Program structure and content overview

The educational initiative was designed to be thorough and adaptable, enabling nurses to keep pace with the evolving landscape of AI in psychiatric care. By blending theoretical knowledge with hands-on skills, the program aimed to equip nurses with the confidence and ethical understanding needed to utilize AI for improved patient care and outcomes. The curriculum covered a wide array of topics to ensure nurses were well-prepared to incorporate AI into their daily practice.

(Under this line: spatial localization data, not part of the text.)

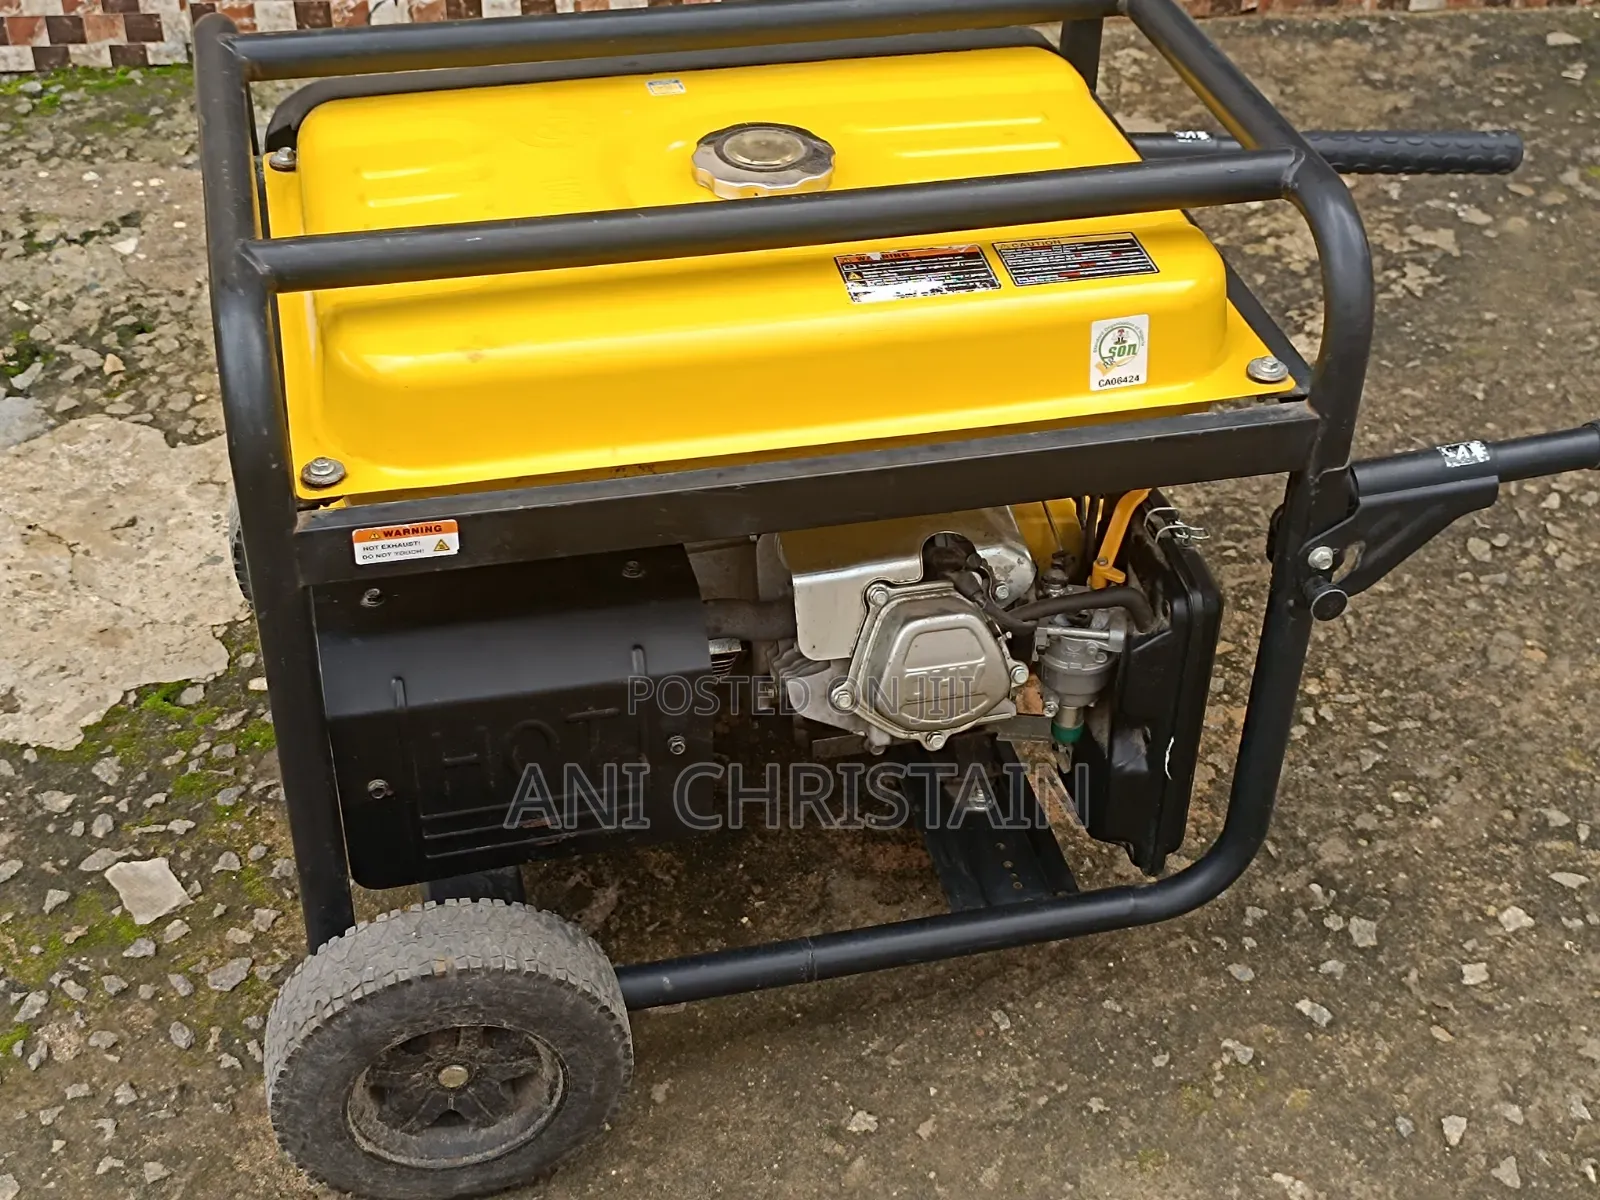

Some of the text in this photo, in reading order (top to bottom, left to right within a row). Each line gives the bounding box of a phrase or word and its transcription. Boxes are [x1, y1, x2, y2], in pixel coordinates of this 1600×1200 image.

[1011, 239, 1061, 248] CAUTION
[856, 252, 910, 262] WANING
[1098, 374, 1140, 388] CA06424
[383, 524, 443, 538] WARNING
[381, 540, 421, 550] EXHAUST!

Session 1: AI fundamentals in healthcare and psychiatric nursing

AI's role and importance in healthcare.²⁷

Study introduction and goals.

AI-related ethical and legal issues.²⁸

Session 2: AI applications in psychiatric nursing

Specific AI tools for psychiatric care.²⁹

Mental health applications of chatbots, predictive analytics, and data analysis.³⁰

Session 3: Building AI competencies

Developing practical AI skills for patient assessment and care.³¹

AI-assisted psychiatric evaluation.³²

Session 4: AI in pharmacology and genomics

AI applications in medication selection, dosing, and personalized treatment.³³

Genetic testing's role in psychiatric care.³⁴

Session 5: AI-enhanced communication and patient-centered care

Effectively communicating AI-based assessments and interventions to patients.³⁵

Maintaining patient-focused care while integrating AI technologies.³⁶

Session 6: Addressing challenges and ethical considerations

Tactics for overcoming resistance to AI adoption among psychiatric nursing staff.³⁷

Ethical guidelines and best practices for AI integration.³⁸

Phase three: conclusion and evaluation

To conclude, participants were asked to provide program feedback and complete post-test questionnaires.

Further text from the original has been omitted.